Les défis sont nombreux, mais nous les transformons en opportunités. Nous ne faisons pas seulement du café pour l’exportation, nous encourageons aussi la consommation locale et développons des produits dérivés comme le savon Kitoko, des gommages, de l’huile et le projet de fabriquer les dentifrices et encoure.
Auparavant, les intermédiaires rendaient difficile l’accès direct aux acheteurs et aux professionnels (baristas, torréfacteurs). Aujourd’hui, nous avons réussi à établir des contacts directs. Je suis fière d’annoncer que notre café a été dégusté et apprécié par de grandes compagnies en Italie, comme Trisk Muka et Spiga. Ces reconnaissances prouvent que le café du Kivu a sa place sur la scène mondiale.
Comment votre travail contribue-t-il à l’autonomisation des femmes et des jeunes dans la filière café au Kivu ?
Notre objectif est de promouvoir les femmes et les jeunes dans toute la chaîne de valeur. Il ne s’agit pas seulement de parler d’eux, mais de garantir que leur café soit acheté à un prix juste. Grâce à des partenariats, notamment avec la société Olive, nous avons pu connecter ces producteurs à des acheteurs internationaux. Aujourd’hui, sans financement externe, nous travaillons pour l’indépendance économique des femmes et des jeunes. Nous voulons qu’ils puissent s’affirmer dans le secteur et améliorer leur quotidien.
Nous avons aussi initié des collaborations avec des torréfacteurs et baristas européens, afin que nos jeunes puissent bénéficier de formations, en ligne ou en présentiel.

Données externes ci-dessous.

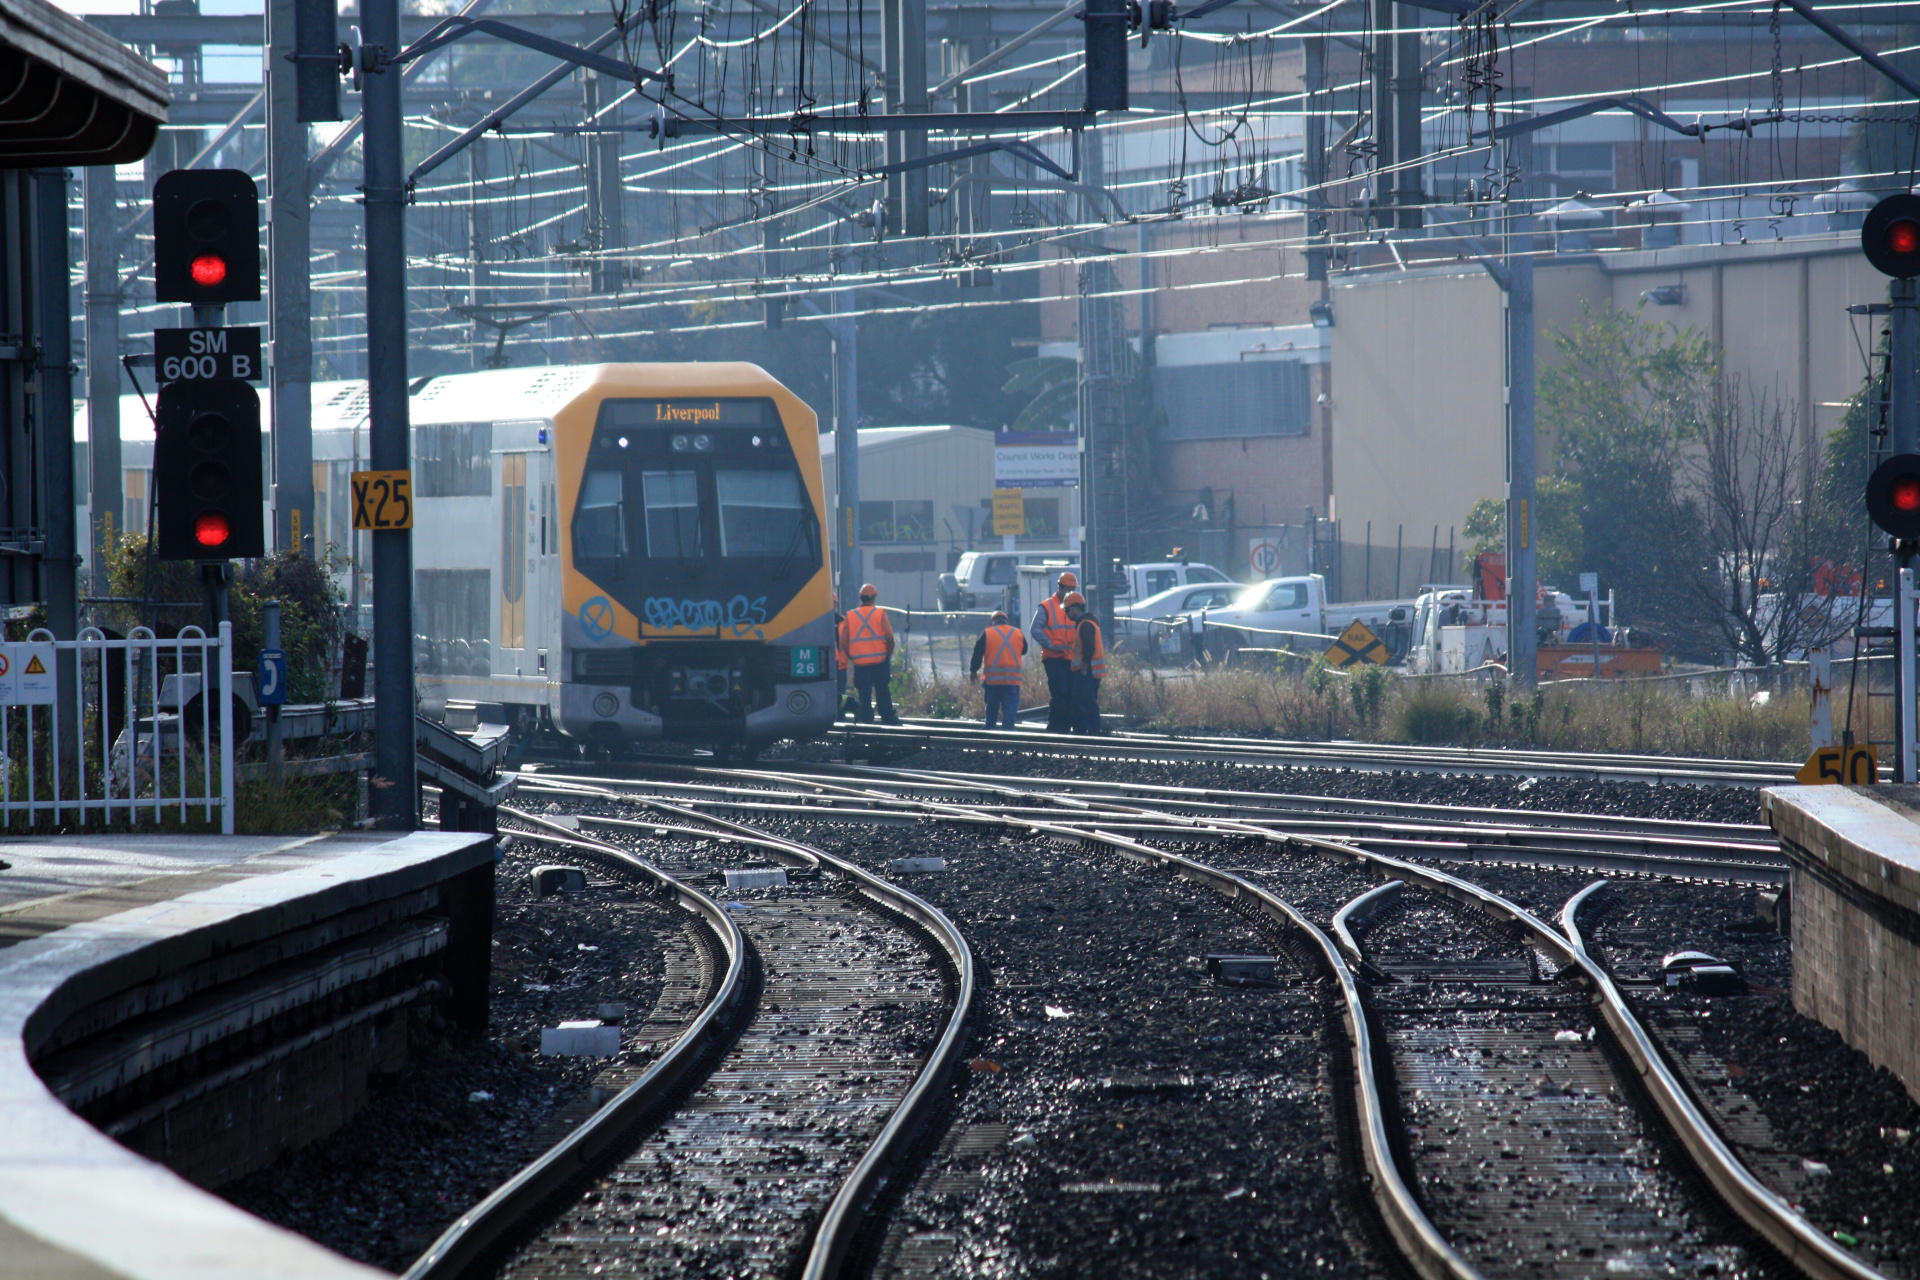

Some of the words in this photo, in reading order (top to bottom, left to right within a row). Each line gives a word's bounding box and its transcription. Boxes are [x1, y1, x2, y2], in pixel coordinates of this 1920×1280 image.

Car la qualité d’une tasse de café se construit dès la plantation, jusqu’à la torréfaction. Si toutes les étapes sont respectées, nos jeunes peuvent fièrement représenter le café du Kivu à l’international.

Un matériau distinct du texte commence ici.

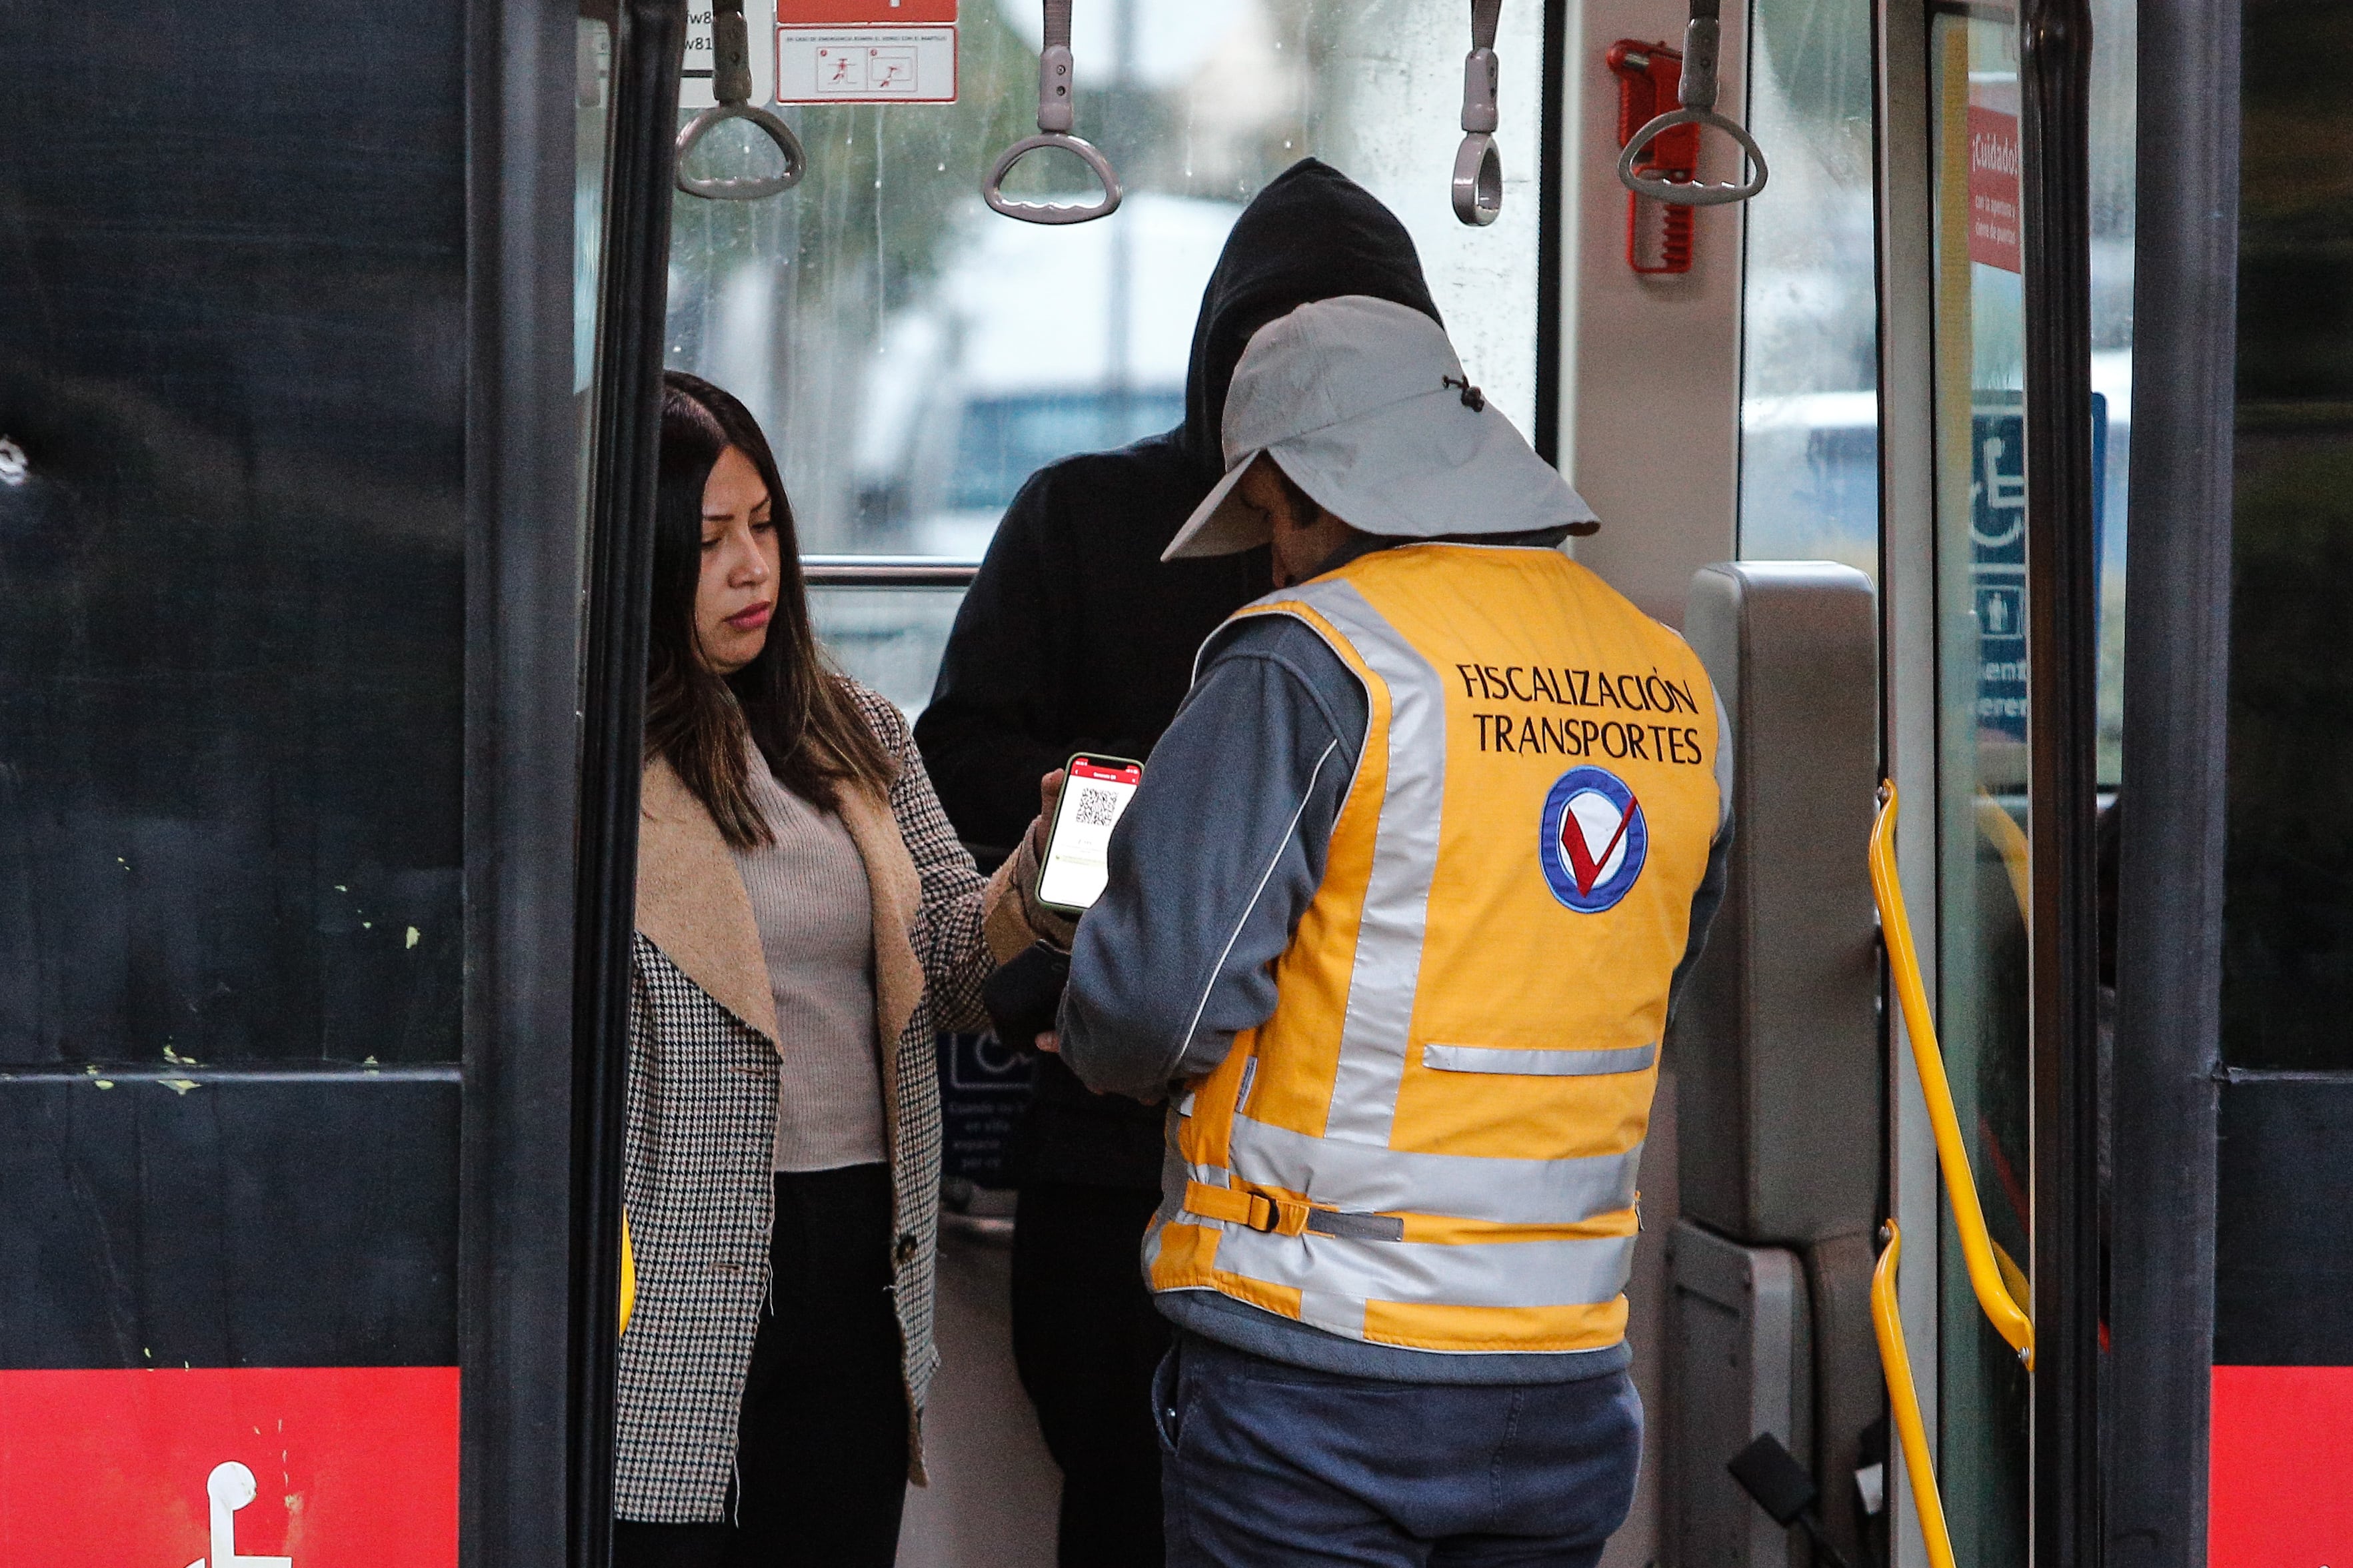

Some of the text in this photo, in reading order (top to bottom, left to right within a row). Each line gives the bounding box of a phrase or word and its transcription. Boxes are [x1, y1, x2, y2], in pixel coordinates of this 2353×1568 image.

[686, 9, 711, 24] w8
[1972, 133, 2017, 176] ¡Cuidado!
[1456, 664, 1699, 714] FISCALIZACIÓN
[1473, 714, 1702, 764] TRANSPORTES

Quel message adressez-vous aux jeunes, surtout aux femmes, qui veulent suivre vos pas ?
Je leur dis que l’agriculture n’est pas réservée à une catégorie de personnes ou aux seuls ruraux. Les pays qui se sont développés l’ont fait grâce à l’engagement des jeunes. Lors de mes voyages, j’ai rencontré des dirigeants qui avaient commencé à travailler dès l’adolescence et qui dirigent aujourd’hui des entreprises reconnues mondialement. J’invite donc les jeunes à nous emboîter le pas.

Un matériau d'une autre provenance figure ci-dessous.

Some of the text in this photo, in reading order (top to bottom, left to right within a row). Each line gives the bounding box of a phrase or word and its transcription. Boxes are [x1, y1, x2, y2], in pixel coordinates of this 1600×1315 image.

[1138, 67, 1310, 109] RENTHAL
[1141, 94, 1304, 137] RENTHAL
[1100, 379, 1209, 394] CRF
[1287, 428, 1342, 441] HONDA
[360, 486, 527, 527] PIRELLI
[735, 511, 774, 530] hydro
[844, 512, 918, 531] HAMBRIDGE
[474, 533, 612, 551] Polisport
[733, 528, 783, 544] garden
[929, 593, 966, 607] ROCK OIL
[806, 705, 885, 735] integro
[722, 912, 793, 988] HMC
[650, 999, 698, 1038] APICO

Avant la guerre, Heshima Coffee organisait chaque semaine des dégustations gratuites à Bukavu. Même les motocyclistes savaient que chez nous, on trouve le meilleur café. Si la paix revient durablement à l’Est de la RDC, nous rouvrirons ce centre et offrirons davantage dégustation mais aussi nous pensons débuter avec de formations en agribusiness et torréfaction. Ces formations coûtent cher ailleurs, mais nous voulons les rendre accessibles pour donner aux jeunes le goût et la passion du café.